- **DIRECTIONS FOR THIS TASK**:
The span to copy runs from the line containing "this 1600×1237 image." to the last line below. Copy it exactly, with nothing else.

[Referring expression grounding data]
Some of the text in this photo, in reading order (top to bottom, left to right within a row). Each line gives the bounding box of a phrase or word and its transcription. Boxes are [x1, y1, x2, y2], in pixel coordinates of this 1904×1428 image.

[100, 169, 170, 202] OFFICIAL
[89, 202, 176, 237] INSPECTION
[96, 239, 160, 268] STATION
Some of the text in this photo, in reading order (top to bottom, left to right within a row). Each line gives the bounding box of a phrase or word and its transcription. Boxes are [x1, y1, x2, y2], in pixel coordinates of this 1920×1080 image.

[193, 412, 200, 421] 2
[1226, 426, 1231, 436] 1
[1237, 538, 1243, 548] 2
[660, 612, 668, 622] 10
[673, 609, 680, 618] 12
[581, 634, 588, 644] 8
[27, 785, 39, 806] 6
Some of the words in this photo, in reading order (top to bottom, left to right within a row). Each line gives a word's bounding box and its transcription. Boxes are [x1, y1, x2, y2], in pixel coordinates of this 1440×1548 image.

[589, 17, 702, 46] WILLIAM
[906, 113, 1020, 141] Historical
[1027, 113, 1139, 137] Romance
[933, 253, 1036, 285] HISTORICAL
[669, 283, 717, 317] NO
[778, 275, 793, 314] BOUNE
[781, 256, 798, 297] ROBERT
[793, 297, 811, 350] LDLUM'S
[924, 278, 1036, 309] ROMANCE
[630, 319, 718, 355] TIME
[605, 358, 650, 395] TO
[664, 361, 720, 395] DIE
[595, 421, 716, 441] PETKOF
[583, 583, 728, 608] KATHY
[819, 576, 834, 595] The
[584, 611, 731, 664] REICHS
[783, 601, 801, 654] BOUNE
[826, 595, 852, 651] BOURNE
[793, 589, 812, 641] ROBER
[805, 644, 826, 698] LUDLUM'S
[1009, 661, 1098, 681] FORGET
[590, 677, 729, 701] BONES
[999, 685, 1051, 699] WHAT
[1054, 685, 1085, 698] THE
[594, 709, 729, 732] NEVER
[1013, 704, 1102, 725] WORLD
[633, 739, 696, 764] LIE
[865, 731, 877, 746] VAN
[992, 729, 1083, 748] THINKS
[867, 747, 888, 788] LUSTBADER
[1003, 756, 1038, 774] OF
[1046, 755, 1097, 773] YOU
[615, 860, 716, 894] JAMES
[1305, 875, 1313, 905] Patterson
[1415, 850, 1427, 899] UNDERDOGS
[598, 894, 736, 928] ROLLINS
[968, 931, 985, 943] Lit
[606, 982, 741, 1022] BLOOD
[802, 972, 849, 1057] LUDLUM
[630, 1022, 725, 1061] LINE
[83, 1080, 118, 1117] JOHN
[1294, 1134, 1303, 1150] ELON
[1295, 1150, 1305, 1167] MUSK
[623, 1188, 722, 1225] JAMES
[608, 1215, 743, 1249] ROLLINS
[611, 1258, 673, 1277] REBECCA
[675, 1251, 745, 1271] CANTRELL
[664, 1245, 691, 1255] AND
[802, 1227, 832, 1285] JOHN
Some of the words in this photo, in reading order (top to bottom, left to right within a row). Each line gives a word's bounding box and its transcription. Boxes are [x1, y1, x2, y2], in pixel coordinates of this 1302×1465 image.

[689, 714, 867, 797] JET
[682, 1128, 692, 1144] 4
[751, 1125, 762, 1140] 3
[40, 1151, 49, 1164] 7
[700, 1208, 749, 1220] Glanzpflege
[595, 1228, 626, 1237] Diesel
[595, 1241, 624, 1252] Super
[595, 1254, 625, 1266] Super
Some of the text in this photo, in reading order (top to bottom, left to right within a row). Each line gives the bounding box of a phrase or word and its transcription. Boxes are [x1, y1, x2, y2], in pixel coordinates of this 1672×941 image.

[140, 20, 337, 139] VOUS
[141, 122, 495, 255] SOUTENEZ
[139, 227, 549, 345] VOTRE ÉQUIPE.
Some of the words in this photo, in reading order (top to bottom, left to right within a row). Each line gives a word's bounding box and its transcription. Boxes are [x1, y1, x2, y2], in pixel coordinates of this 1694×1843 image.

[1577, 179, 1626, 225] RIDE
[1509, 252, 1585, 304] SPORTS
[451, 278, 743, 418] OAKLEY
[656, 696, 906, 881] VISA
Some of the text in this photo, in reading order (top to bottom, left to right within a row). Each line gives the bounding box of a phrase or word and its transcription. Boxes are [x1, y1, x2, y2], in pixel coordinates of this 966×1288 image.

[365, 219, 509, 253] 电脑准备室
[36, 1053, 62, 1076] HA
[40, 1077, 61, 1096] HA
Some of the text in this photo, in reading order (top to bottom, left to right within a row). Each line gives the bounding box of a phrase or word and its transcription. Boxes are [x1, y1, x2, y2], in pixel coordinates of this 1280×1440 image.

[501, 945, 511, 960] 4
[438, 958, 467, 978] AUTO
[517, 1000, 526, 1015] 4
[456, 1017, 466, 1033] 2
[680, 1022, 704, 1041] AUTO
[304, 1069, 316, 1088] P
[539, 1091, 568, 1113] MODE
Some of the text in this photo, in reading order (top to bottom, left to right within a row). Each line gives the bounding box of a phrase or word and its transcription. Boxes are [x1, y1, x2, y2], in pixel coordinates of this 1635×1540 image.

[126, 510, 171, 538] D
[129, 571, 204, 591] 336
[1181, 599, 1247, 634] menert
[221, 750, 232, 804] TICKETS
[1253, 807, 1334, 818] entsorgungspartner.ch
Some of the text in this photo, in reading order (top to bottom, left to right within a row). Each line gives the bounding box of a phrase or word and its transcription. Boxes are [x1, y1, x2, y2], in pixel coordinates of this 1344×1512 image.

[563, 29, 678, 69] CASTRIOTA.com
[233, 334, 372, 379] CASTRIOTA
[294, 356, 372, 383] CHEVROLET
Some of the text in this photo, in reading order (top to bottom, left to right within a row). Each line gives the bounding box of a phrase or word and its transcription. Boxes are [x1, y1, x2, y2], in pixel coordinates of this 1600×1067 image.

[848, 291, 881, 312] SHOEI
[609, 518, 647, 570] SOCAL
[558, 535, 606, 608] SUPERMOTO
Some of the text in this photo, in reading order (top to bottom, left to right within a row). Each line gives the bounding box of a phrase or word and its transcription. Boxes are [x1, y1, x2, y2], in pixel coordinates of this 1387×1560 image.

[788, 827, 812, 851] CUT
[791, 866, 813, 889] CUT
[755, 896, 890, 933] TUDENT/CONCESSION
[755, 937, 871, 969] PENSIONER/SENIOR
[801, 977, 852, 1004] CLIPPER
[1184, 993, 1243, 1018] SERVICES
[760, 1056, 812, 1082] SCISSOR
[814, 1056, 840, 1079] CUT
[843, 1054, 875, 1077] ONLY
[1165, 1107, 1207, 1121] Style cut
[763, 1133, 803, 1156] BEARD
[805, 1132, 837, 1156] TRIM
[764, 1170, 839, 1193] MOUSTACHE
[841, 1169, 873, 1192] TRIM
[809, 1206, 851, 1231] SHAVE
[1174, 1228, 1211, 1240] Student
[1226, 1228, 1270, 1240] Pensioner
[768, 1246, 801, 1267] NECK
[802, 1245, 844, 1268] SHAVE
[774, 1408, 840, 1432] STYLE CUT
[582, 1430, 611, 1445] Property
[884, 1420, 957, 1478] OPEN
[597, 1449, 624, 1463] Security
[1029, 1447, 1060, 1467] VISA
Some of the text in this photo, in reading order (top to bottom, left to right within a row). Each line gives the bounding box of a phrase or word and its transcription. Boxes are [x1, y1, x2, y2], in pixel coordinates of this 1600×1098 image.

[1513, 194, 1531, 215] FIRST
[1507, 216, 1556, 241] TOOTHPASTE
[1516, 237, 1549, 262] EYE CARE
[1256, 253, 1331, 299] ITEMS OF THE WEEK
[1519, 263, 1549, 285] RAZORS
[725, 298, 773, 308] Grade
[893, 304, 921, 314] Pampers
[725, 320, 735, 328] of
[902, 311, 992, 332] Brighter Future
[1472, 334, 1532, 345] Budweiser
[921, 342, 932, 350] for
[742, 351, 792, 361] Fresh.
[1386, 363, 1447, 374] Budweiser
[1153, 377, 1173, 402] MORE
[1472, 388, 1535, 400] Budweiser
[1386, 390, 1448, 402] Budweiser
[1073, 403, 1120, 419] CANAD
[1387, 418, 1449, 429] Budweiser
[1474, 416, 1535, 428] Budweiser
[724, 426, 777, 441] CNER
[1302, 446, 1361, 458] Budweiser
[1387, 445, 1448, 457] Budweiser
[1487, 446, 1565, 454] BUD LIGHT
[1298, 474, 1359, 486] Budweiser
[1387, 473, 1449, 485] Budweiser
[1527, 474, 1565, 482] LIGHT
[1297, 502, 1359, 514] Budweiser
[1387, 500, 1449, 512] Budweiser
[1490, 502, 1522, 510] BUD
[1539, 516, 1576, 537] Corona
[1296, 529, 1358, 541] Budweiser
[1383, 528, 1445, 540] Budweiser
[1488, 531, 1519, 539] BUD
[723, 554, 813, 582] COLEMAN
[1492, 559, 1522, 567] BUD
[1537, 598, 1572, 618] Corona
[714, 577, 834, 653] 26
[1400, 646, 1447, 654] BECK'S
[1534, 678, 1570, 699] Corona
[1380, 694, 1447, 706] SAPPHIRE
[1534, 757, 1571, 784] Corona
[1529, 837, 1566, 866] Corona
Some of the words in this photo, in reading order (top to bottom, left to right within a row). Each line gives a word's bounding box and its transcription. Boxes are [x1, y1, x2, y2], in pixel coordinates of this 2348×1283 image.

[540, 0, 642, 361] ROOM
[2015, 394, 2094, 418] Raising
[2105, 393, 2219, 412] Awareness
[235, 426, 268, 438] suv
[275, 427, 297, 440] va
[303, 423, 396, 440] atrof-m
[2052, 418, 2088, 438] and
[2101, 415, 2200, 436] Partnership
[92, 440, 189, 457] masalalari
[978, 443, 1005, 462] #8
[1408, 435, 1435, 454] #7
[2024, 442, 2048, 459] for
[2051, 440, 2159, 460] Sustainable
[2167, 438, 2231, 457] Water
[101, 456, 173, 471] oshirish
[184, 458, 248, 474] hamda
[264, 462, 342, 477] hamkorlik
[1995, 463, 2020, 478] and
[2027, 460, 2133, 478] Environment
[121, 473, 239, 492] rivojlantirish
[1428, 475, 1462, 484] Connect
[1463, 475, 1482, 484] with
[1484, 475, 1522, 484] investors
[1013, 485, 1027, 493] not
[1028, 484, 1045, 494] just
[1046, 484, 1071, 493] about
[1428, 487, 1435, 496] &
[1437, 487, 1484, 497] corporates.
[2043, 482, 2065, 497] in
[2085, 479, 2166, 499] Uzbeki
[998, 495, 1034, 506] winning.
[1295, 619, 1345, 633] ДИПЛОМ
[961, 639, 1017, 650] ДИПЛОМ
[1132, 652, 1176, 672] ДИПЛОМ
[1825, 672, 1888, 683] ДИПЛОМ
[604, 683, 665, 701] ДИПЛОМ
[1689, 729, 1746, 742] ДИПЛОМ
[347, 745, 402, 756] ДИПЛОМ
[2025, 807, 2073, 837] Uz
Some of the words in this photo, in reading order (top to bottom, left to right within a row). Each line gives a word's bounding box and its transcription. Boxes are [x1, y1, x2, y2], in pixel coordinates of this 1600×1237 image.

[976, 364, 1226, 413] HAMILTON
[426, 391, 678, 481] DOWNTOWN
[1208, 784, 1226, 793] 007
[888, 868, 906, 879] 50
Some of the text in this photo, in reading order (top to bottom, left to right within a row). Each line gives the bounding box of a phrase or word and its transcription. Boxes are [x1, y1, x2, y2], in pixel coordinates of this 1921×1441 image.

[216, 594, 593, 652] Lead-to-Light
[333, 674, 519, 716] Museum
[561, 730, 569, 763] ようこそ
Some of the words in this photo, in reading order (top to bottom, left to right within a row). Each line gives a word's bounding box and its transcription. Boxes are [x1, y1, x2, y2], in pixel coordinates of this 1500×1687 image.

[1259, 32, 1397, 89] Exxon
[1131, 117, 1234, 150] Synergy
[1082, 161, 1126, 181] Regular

- **EXERCISE OUTPUT**:
Some of the words in this photo, in reading order (top to bottom, left to right within a row). Each line gives a word's bounding box and its transcription. Boxes are [x1, y1, x2, y2], in pixel coordinates of this 1600×1237 image.

[976, 364, 1226, 413] HAMILTON
[426, 391, 678, 481] DOWNTOWN
[1208, 784, 1226, 793] 007
[888, 868, 906, 879] 50
Some of the text in this photo, in reading order (top to bottom, left to right within a row). Each line gives the bounding box of a phrase or word and its transcription. Boxes are [x1, y1, x2, y2], in pixel coordinates of this 1921×1441 image.

[216, 594, 593, 652] Lead-to-Light
[333, 674, 519, 716] Museum
[561, 730, 569, 763] ようこそ
Some of the words in this photo, in reading order (top to bottom, left to right within a row). Each line gives a word's bounding box and its transcription. Boxes are [x1, y1, x2, y2], in pixel coordinates of this 1500×1687 image.

[1259, 32, 1397, 89] Exxon
[1131, 117, 1234, 150] Synergy
[1082, 161, 1126, 181] Regular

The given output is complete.